5 Basic data manipulation
Learning objectives
- Learn how to read/write data to/from files with different formats (.tsv, .csv)
- Familiarize with basic operations of data frames
- Index and subset data frames using base R functions
- Manipulate specific data frame columns
- Joining by columns and rows
For this section we will use the package gapminder
that we installed earlier.
## [1] 1704 6
View the data frame
## Min. 1st Qu. Median Mean 3rd Qu. Max.
## 23.60 48.20 60.71 59.47 70.85 82.60
5.1 Reading/writing data
5.1.1 Text files
Writing tables to a file using write.table()
aust <- gapminder[gapminder$country == "Australia",]
write.table(aust,
file="../data/gapminder_australia.csv",
sep=",")
Other functions to write to a file
africa<-gapminder[gapminder$continent=="Africa",]

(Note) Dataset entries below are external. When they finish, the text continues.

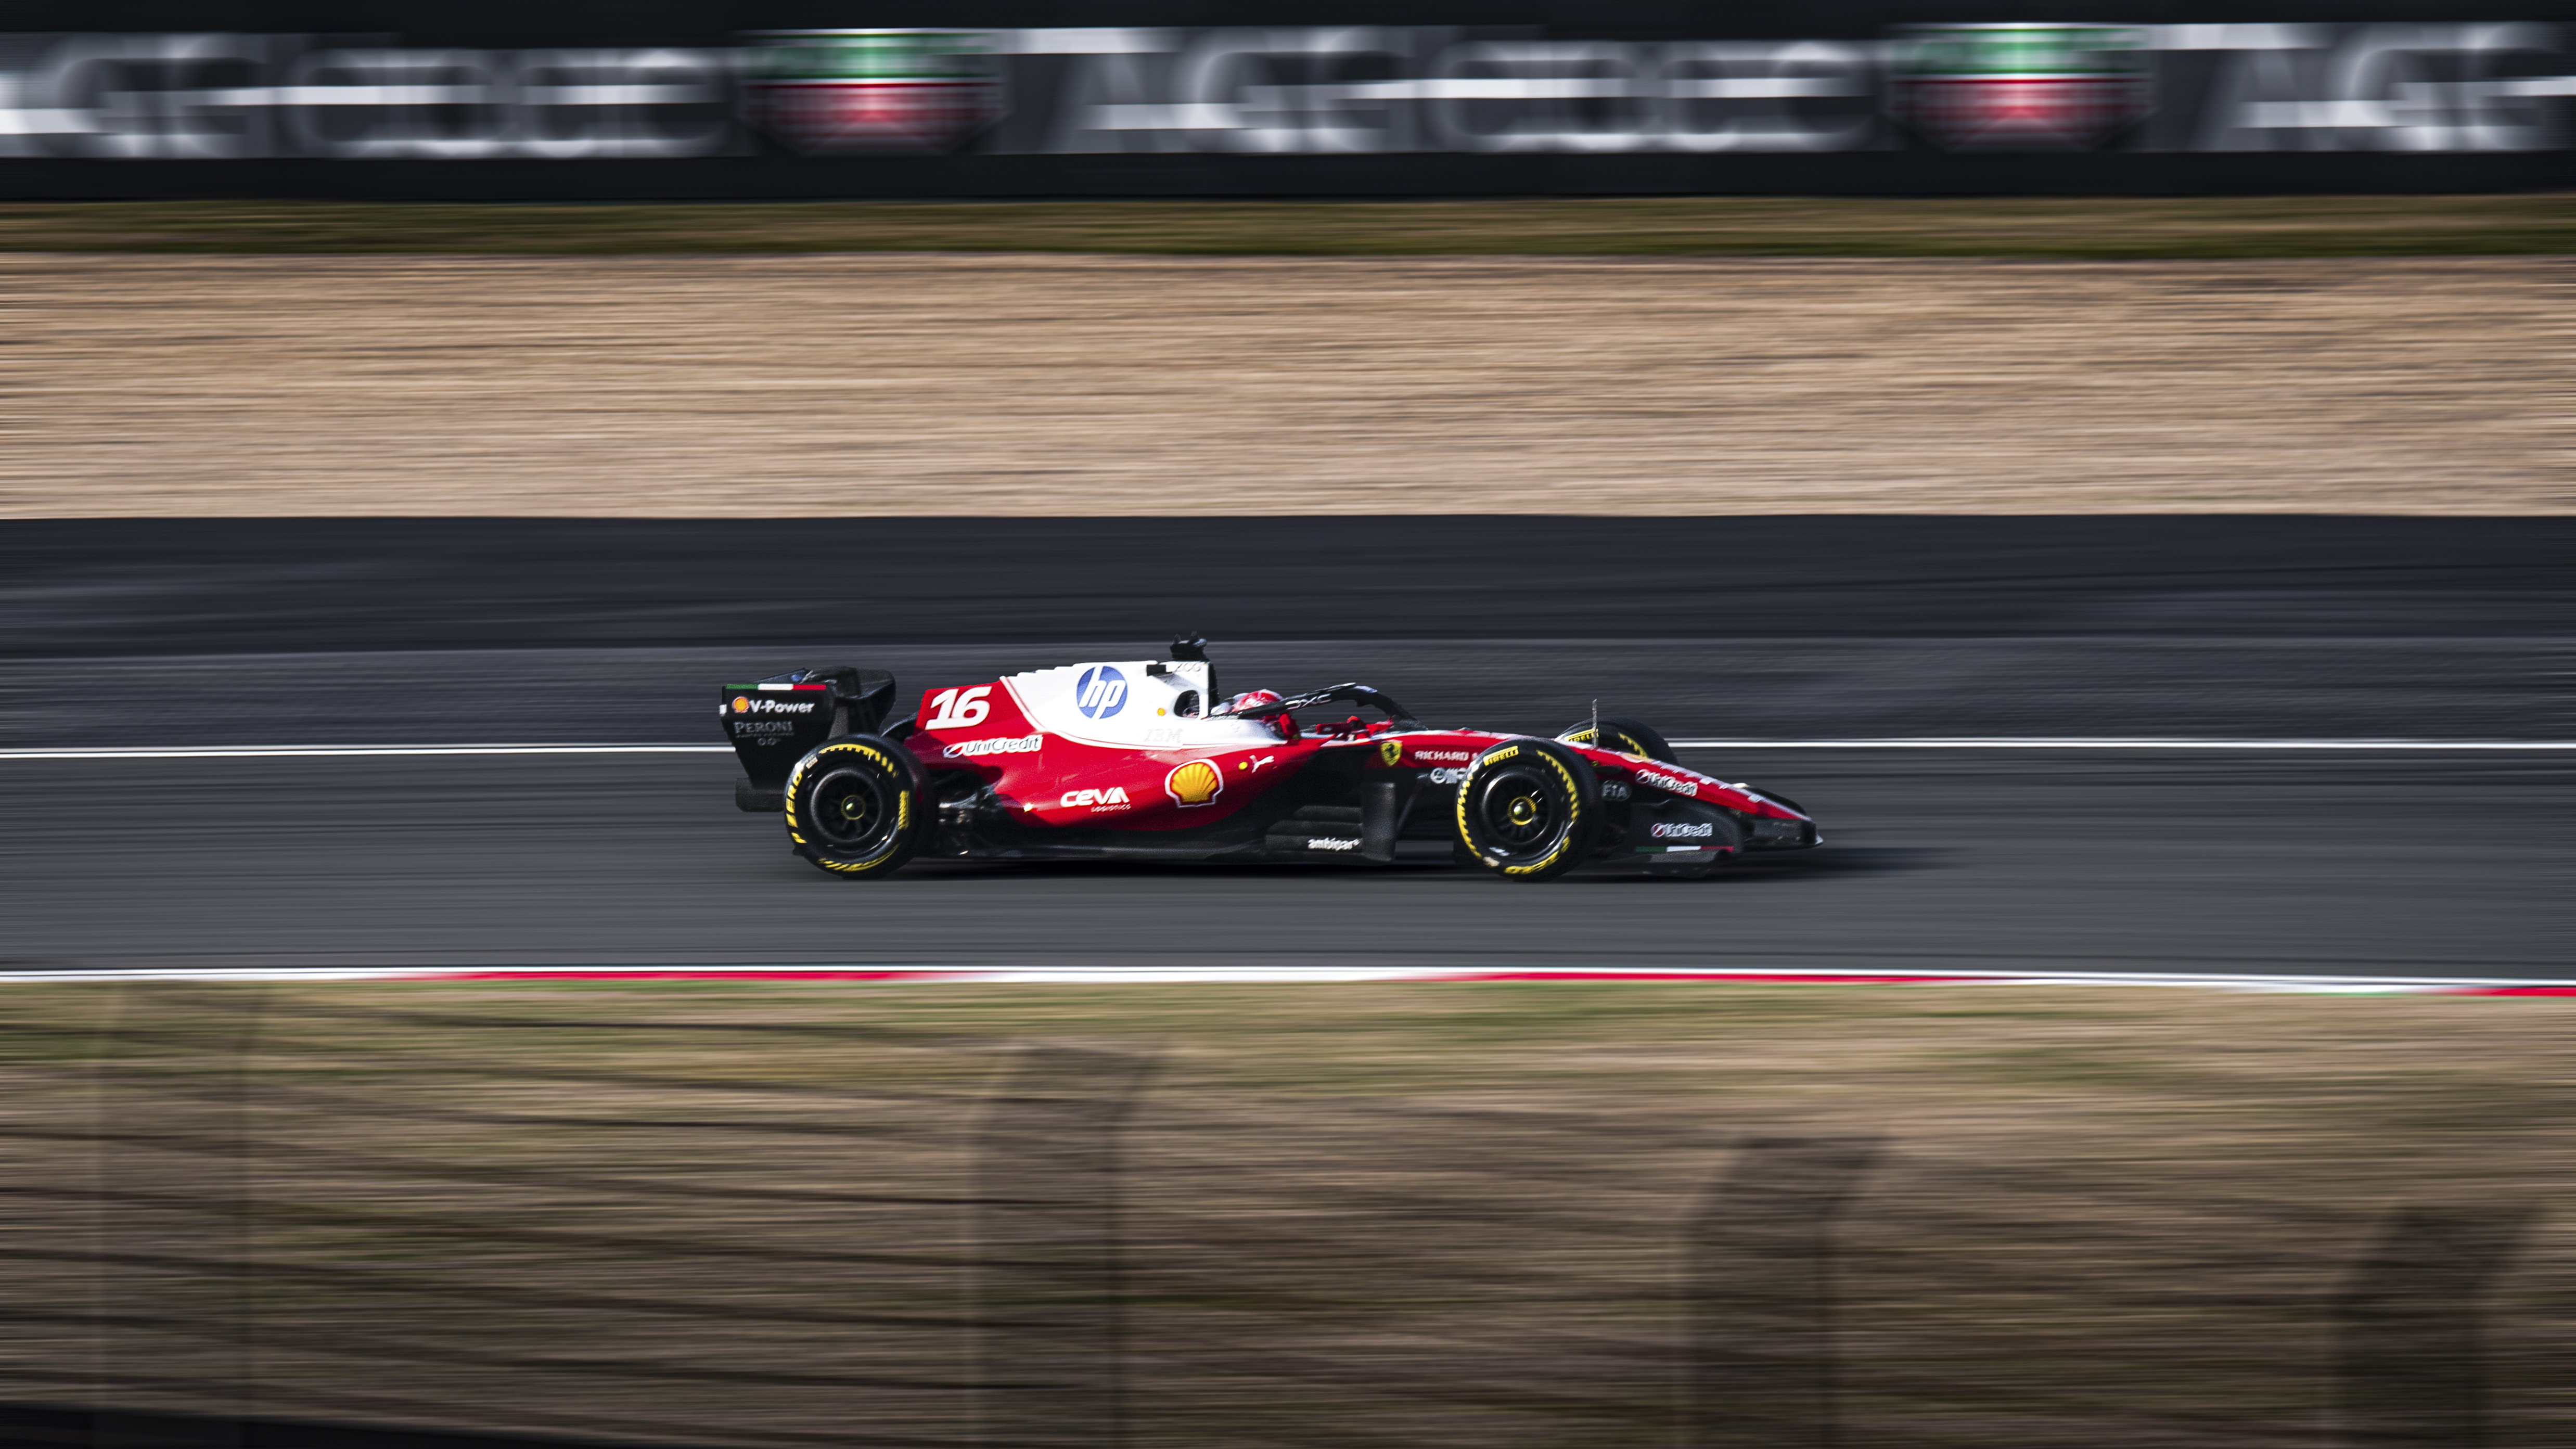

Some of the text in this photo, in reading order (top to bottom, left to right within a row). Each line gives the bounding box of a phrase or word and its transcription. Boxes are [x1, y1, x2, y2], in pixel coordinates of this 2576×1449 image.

[1078, 666, 1126, 719] hp
[749, 700, 814, 713] V-Power
[925, 686, 992, 730] 16
[734, 721, 793, 733] PERONI
[965, 736, 1042, 754] UniCredit
[1415, 751, 1469, 761] RICHARD
[1483, 746, 1519, 766] PIRELLI
[1060, 787, 1130, 807] CEVA
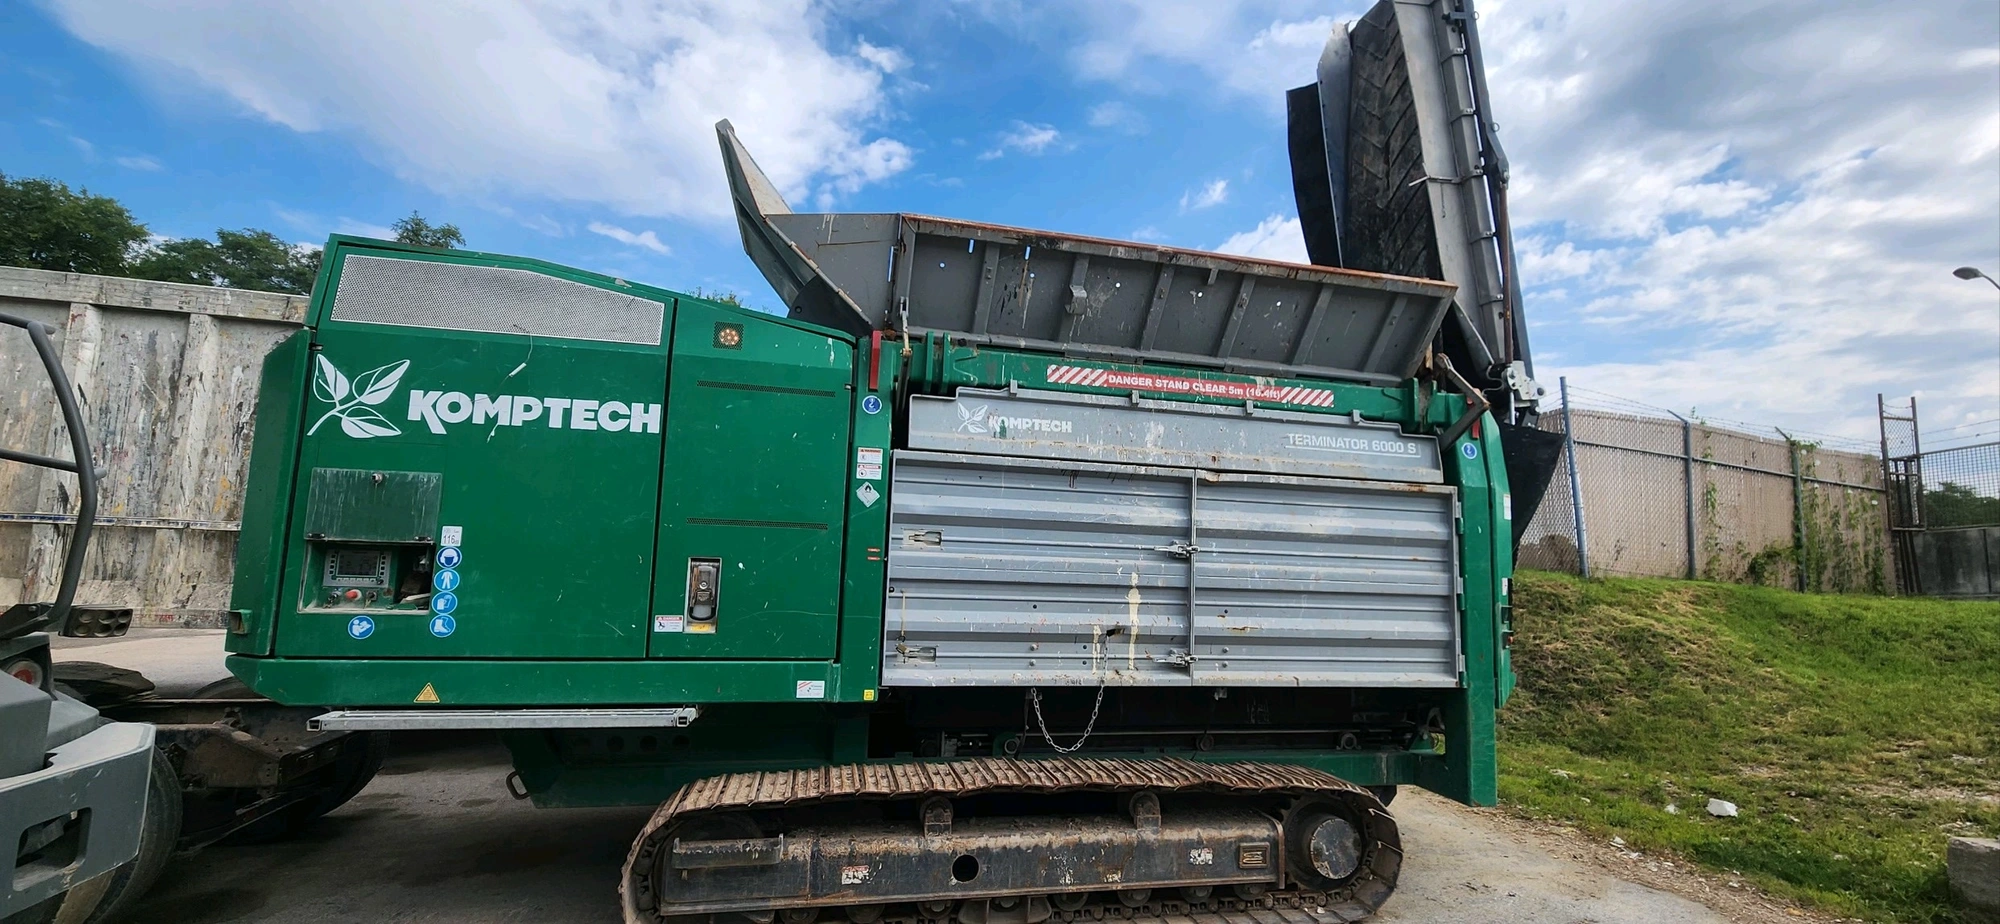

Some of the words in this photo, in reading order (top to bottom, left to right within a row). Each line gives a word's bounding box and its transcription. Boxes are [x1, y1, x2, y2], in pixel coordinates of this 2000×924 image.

write.csv(gapminder[gapminder$continent=="Africa",],
file = "../data/gapminder_africa.csv",
row.names = FALSE)
class(africa$continent)
## [1] "factor"
Reading data from a file
## [1] "character"
## country continent year lifeExp pop gdpPercap
## 1 Algeria Africa 1952 43.077 9279525 2449.008
## 2 Algeria Africa 1957 45.685 10270856 3013.976
## 3 Algeria Africa 1962 48.303 11000948 2550.817
## 4 Algeria Africa 1967 51.407 12760499 3246.992
## 5 Algeria Africa 1972 54.518 14760787 4182.664
## 6 Algeria Africa 1977 58.014 17152804 4910.417
africa<-read.table("../data/gapminder_africa.csv",sep = ",",header = T,stringsAsFactors = T)
class(africa$continent)
## [1] "factor"
5.2 Exploring data frames
5.2.1 Adding columns and rows
Individually adding columns
mean_children <- sample(1:10,nrow(aust),replace = TRUE)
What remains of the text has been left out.